Clients: UNESCO, Ministry of Information and Culture of Afghanistan
Status: Competition (2015)
Location: Bamyan, Afghanistan
Climate: Desert / arid, Hot
Scale: 2.200 ㎡ Medium
Types: Cultural, Cultural center
A palm tree that grows in the middle of the desert does not make an oasis; it needs a relationship with many more things to contribute to the environmental changes, to make a part of the desert a livable place. The oasis symbolizes the idea of salvation of those who wander lost in the desert, from the mythical Garden of Eden where man felt at one with nature. Bamiyan Cultural Centre is conceptualized as a small oasis in this desert, which like Afghanistan, has become devastated by strife. Symbolized by the construction of a garden, a place that fosters the coexistence of many beautiful Afghan palm trees, capable of overcoming the tough winter, resilient individualities; ethnics, cultural, of diverse traditions, in search of a communion of identities of which arise the renewed Afghan idiosyncrasy.

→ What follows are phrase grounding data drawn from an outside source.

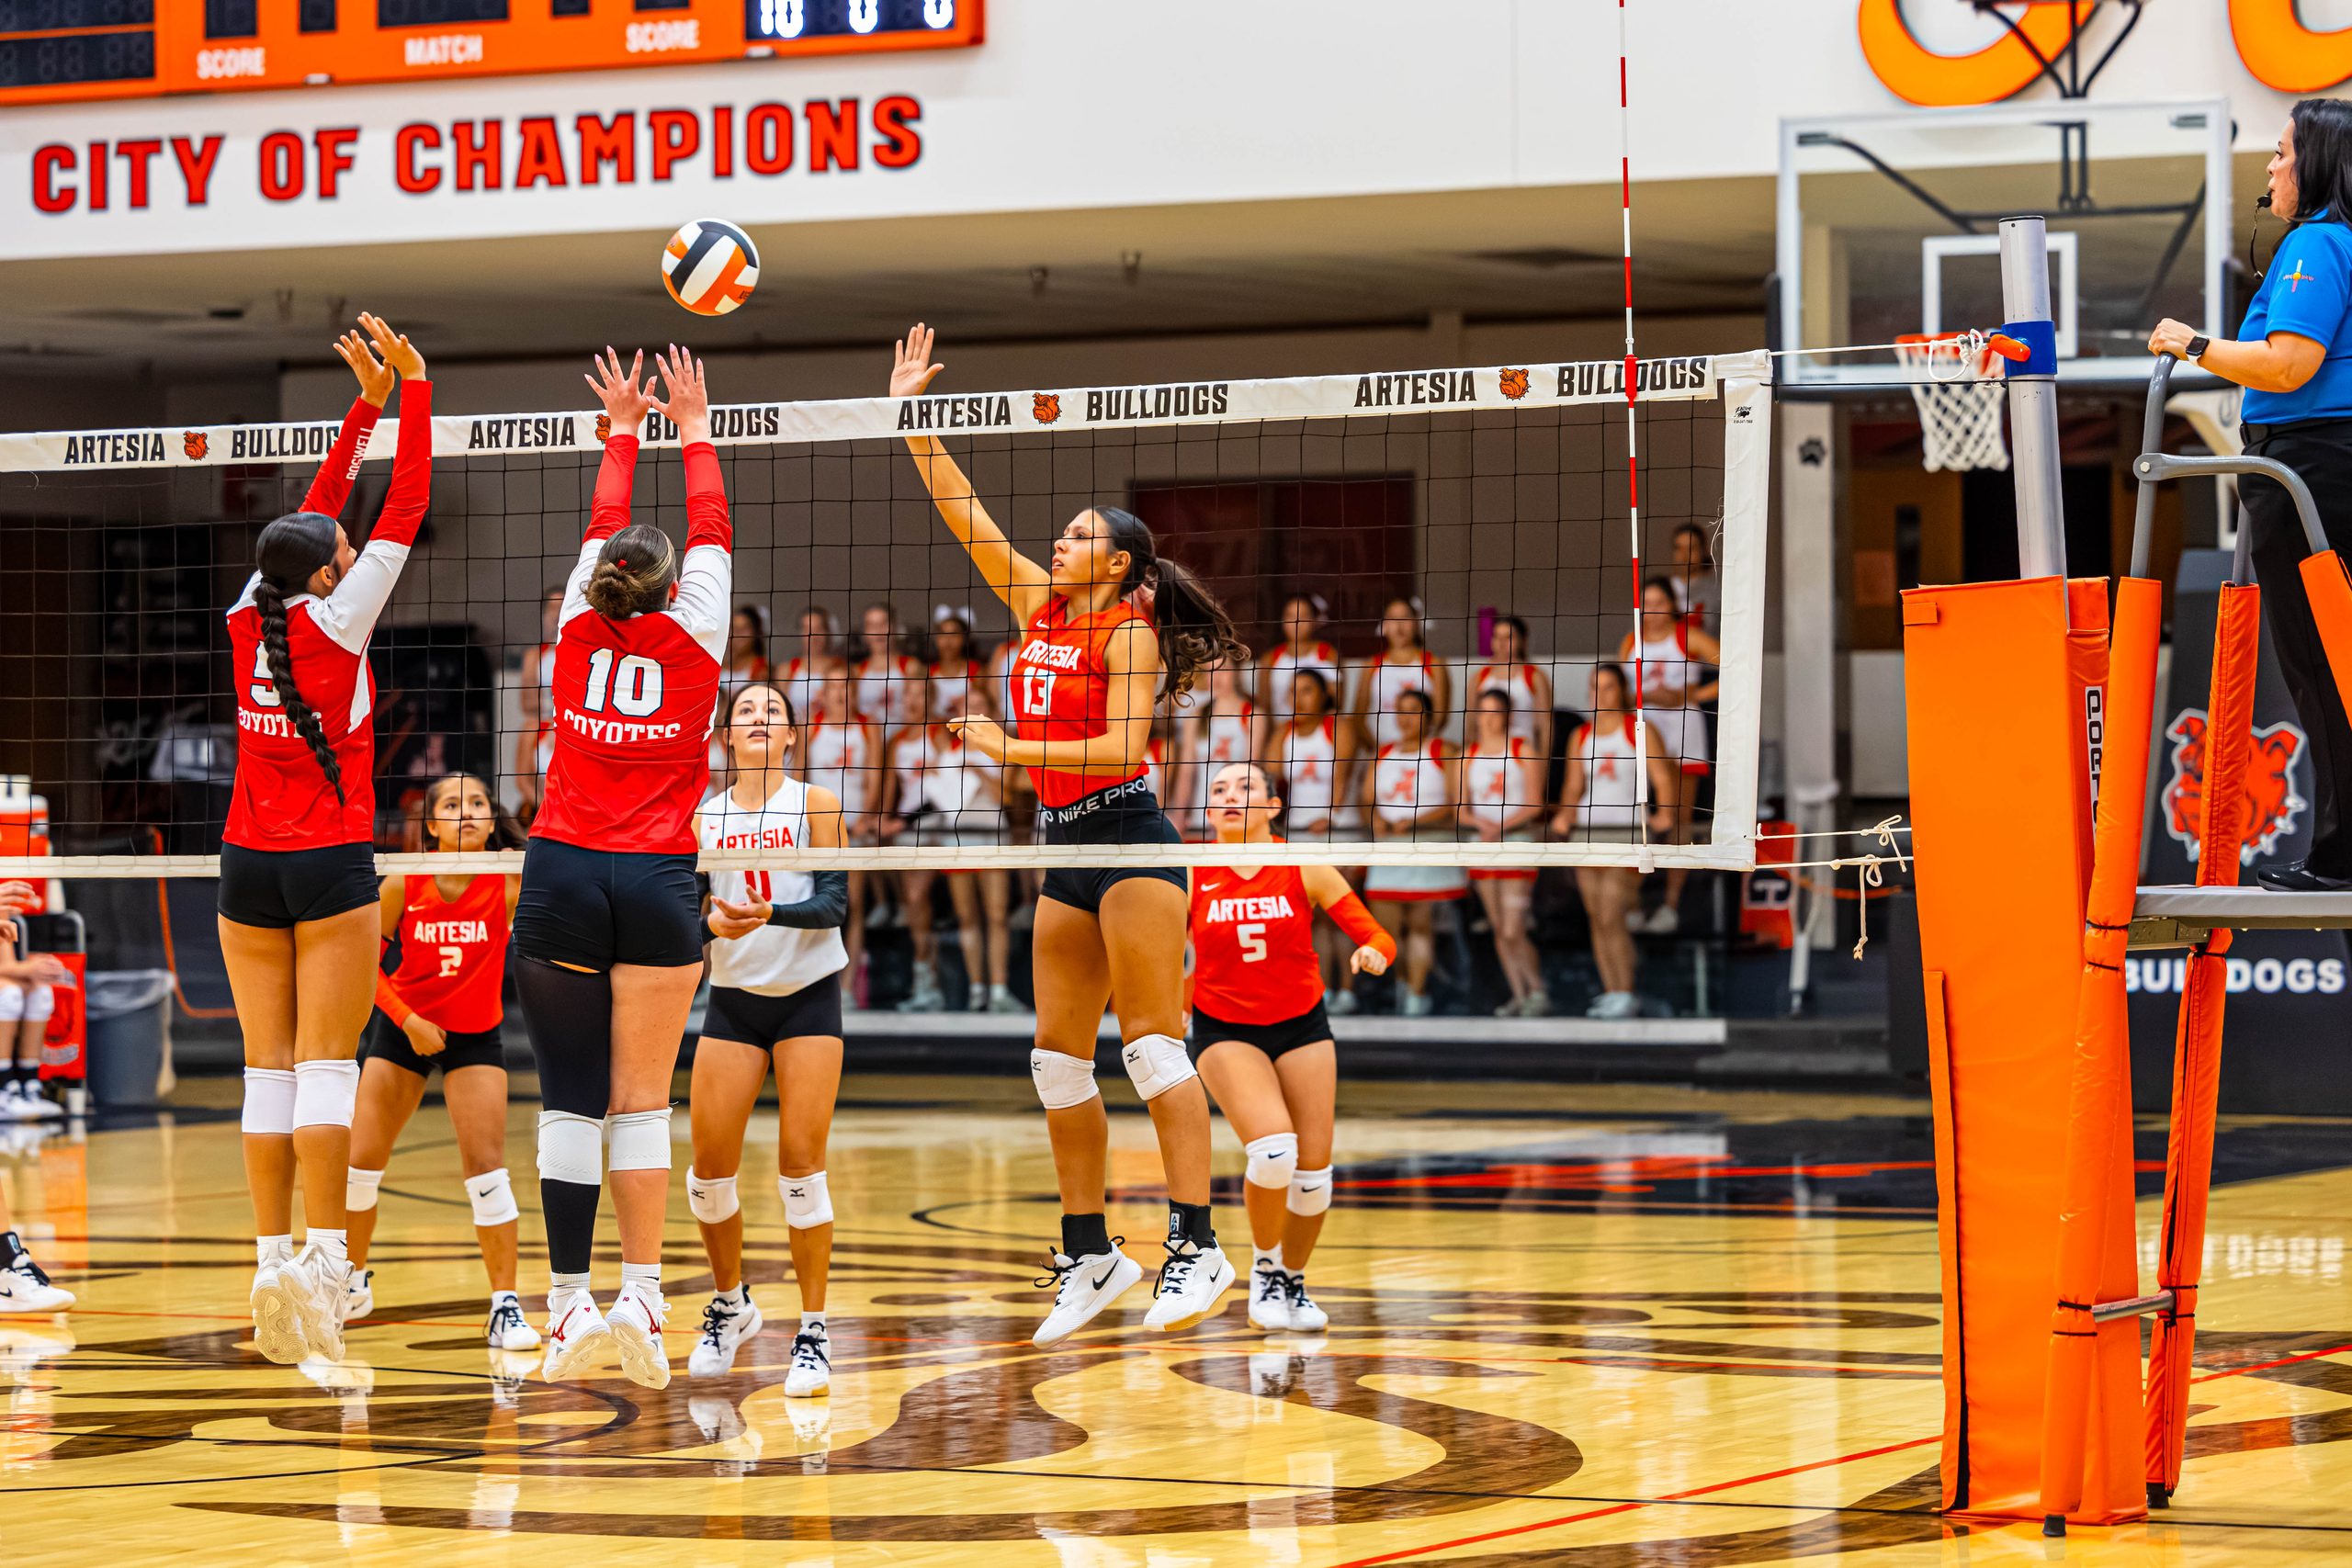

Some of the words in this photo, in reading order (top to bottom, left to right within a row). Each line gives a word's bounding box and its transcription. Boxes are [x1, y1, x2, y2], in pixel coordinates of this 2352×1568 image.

[404, 35, 482, 66] MATCH
[626, 20, 700, 53] SCORE
[197, 48, 266, 79] SCORE
[32, 135, 225, 214] CITY
[258, 127, 360, 201] OF
[394, 94, 923, 195] CHAMPIONS
[1354, 370, 1477, 407] ARTESIA
[1556, 357, 1707, 397] BULLDOGS
[897, 396, 1012, 430] ARTESIA
[1086, 384, 1228, 421] BULLDOGS
[63, 434, 166, 464] ARTESIA
[232, 426, 340, 458] BULLDOG
[469, 416, 576, 449] ARTESIA
[646, 407, 779, 441] BUDOGS
[345, 427, 373, 481] ROSWELL
[250, 639, 281, 707] 5
[1020, 639, 1082, 671] ARTESIA
[583, 648, 663, 717] 10
[1023, 666, 1057, 716] 13
[1058, 795, 1101, 823] NIKE
[1104, 779, 1147, 805] PRO
[1205, 895, 1295, 923] ARTESIA
[413, 920, 489, 943] ARTESIA
[1237, 922, 1267, 963] 5
[438, 946, 463, 977] 2
[2124, 957, 2345, 994] BULDOGS

An unusual Edén recreated by a palm grove of Afghan palm trees, Nannorrhops ritchiana. This endemic specie has traditionally grown in the country, but is now absent from the valley, will give rise to a discontinuity in the landscape singled out by the contrast with its surroundings. The new plantation will provide an opportunity for the regeneration of the ecosystem and, in particular will improve the environmental conditions of the garden to nuance the climatological conditions. To give shape to this meeting garden, as buildings in the valley do, the architecture surrounds and sets the boundaries to a part of the environment. To adapt to the topography two enclosures are placed in the two highest points of the whole plot, facing toward two huge Buddhas, as was the case with every landmark in Bamiyan, and justified by the double functional programme.
The upper closed volume, linked to the tradition of walled enclosures, ensuring the palm grove indoors, protected, more suitable for the urban landscape, from where the main access is made. The other one is fitted into the lower level distancing it from the urban landscape, and bringing it closer to the landscape, so the garden jumps outwards, dematerializing the perimeter of the building that is opened, thereby becoming more extroverted. This double status, open and closed, is also due to different functional qualifications of the programme uses. A duality that is diluted by folding both enclosures until they get connected, updating this traditional typology of strong horizontal hierarchy into a new relationship.

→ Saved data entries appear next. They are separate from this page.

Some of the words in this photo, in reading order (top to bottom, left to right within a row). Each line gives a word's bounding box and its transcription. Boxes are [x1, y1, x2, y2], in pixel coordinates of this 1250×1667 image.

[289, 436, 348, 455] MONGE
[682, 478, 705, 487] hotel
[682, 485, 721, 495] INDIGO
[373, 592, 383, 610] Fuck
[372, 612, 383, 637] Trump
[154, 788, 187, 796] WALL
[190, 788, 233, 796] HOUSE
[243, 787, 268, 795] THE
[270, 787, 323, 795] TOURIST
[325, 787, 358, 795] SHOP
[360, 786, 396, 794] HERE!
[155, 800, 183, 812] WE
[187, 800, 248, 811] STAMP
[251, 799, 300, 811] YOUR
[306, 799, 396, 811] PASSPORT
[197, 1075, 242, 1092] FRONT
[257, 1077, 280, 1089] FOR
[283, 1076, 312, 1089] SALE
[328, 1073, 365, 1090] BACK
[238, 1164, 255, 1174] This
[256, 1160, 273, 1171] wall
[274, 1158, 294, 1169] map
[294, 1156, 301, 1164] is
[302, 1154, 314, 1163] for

The geometry on which the garden is structured is configured from the crop pattern of the Afghan palm tree extended into a planting mesh. This vegetable lattice empowers a microclimate that enhances environmental conditions around the garden. Pools, placed both inside and outside the enclosures, act like a deposit collecting the water from the scarce rainfall, and promoting this microclimate. The presence of water also supports the symbolic recreation of the garden and fosters the formal attributes of architecture through the use of reflection as used mainly in the Islamic tradition.
The lattice is divided into two rectangular shifted patterns in order to conciliate the base frame with double orientation of the enclosures toward two huge Buddha and to structure the architecture. In this way, each enclosure is shown differently starting from the same frame, emphasizing again, the double open-closed condition of the enclosures. This geometric solution, reminds us of the plasterworks and mosaics systems of Islamic architecture. In the lattice of the enclosures, Architecture replaces the palm trees plantation by a porticoed system of arches, which resemble palm trees when bringing them near to each other.

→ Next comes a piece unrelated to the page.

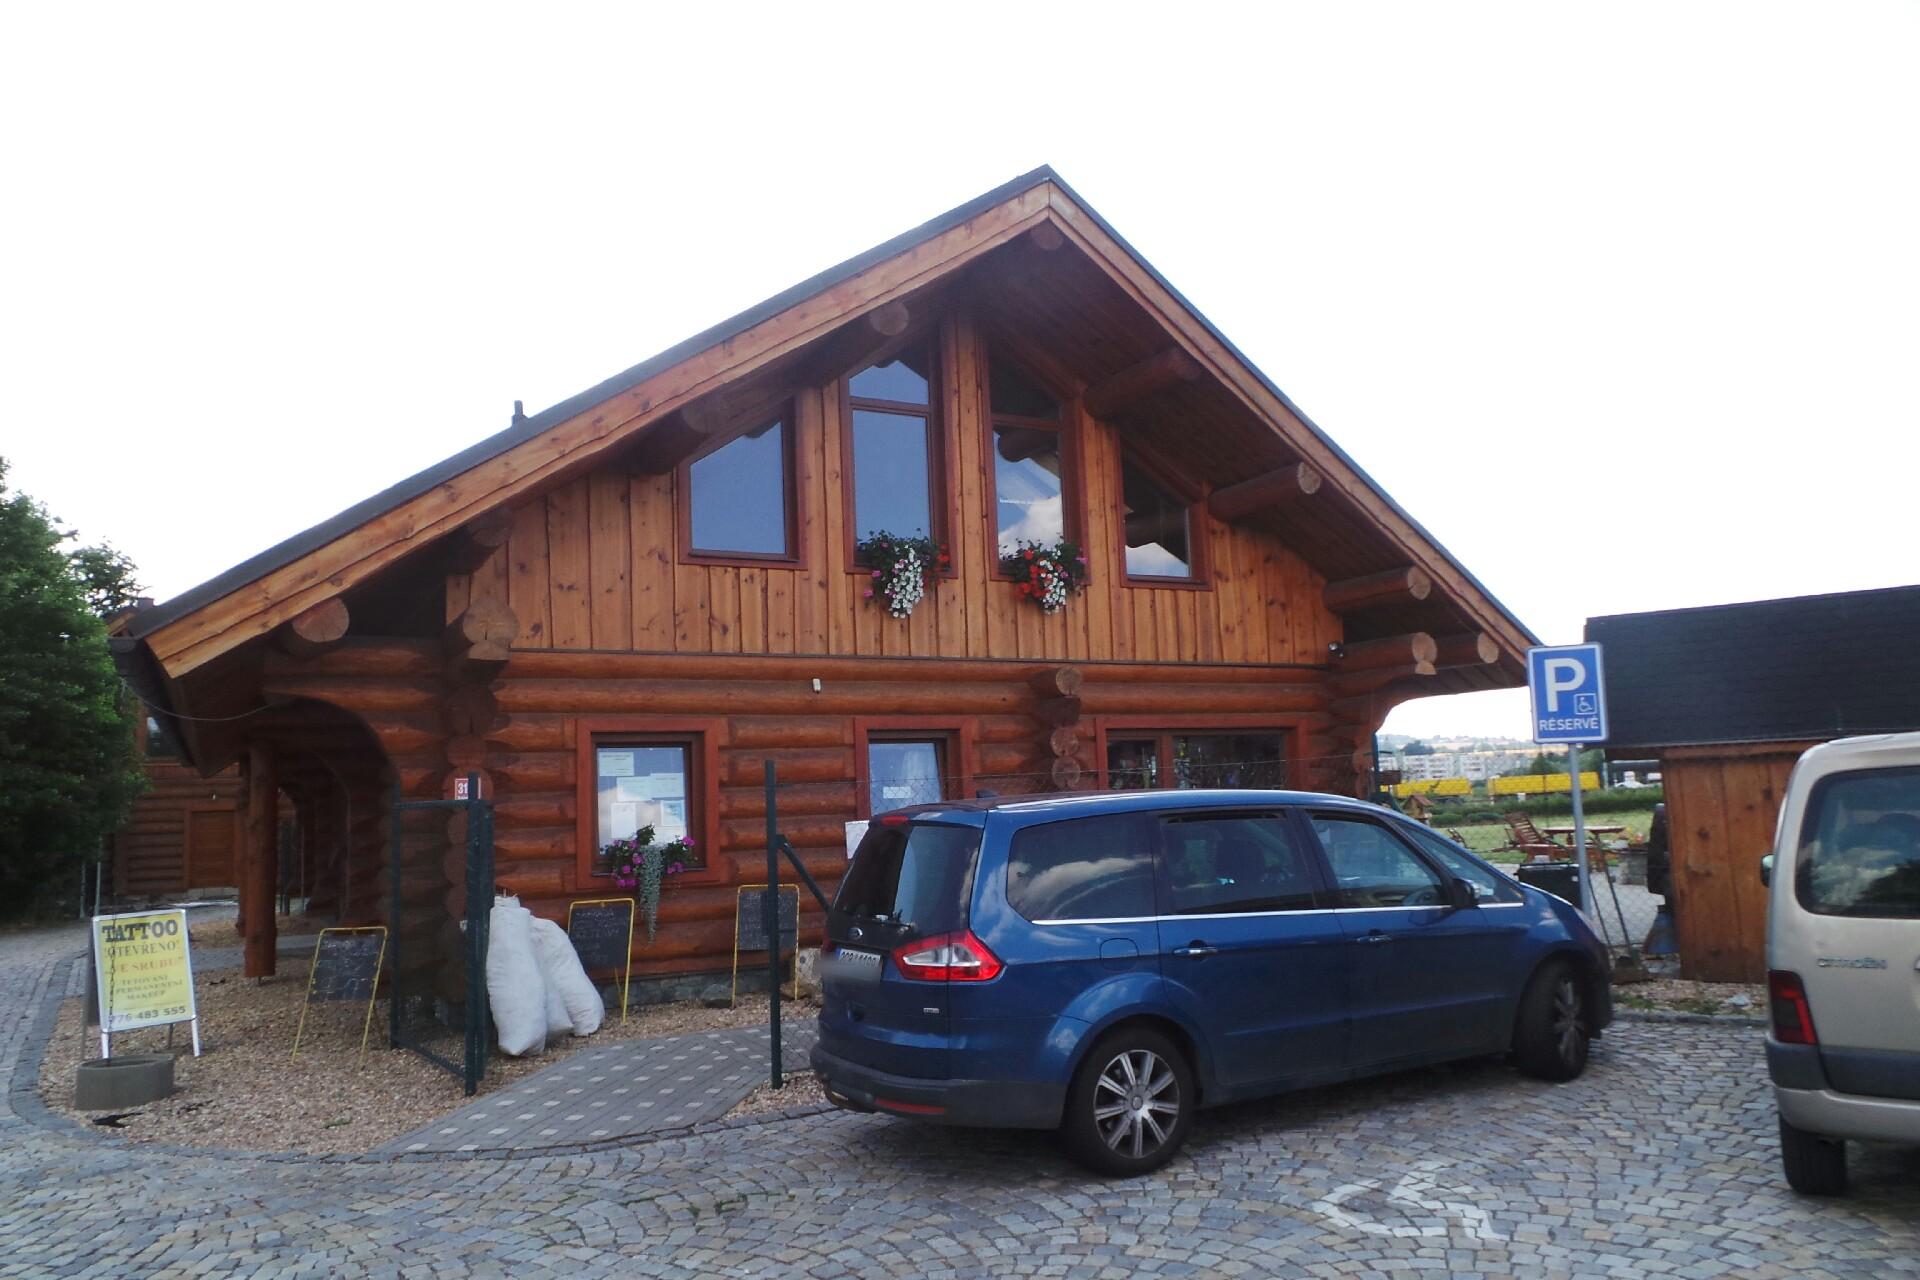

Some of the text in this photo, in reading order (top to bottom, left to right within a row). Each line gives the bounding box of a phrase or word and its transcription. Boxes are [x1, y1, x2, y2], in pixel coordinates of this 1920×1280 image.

This isotropic lattice of concrete palm trees, similar to the nomadic tents in the desert, where people lived ephemerally, enables a large covered space to grow acting as a light settlement with references to this tradition. Identity resources like the use of arches which references local constructions in which the huge Buddhas were built, remind us of religious buildings throughout history; mosques, monasteries, madrassas, agoras and cisterns. Bamiyan cultural center is a place like the aforementioned which will accommodate all ideologies and cultures. At the same time, it evokes a multifunctional system because these typologies have been often refurbished to have other uses from which they were designed which emphasizes its functional versatility.
This kind of enclosures, configured as large porticoed buildings, are occupied by multipurpose rooms both in shape as dimensions, which encourages the multiuse of the cultural center. A system that optimizes the conditioning of the building in order to manage independently each room, without giving up on an interior and exterior grading which reinforces the idea of garden. The Project submitted to the competition outlines this system of spatial organization rather than a final result, which could be adjusted if the programme of uses or requirements change. Its materialization is equally versatile, and can be solved with glass walls, concrete or wood latticework, implemented with textile items such as curtains and carpets produced locally.
The modulation of the porticoes constructively simplifies the building, as generated by repetition of an element – the arc base- which fosters its use in construction and can be prefabricated by optimizing the constructive process. The simplicity of the constructive system, both structural development and interior distribution, allows an easy manufacturing series that could promote a small local industry that would improve the integration of Bamiyan community during the buildings construction, which will provide a sense of identification in the population with the building itself.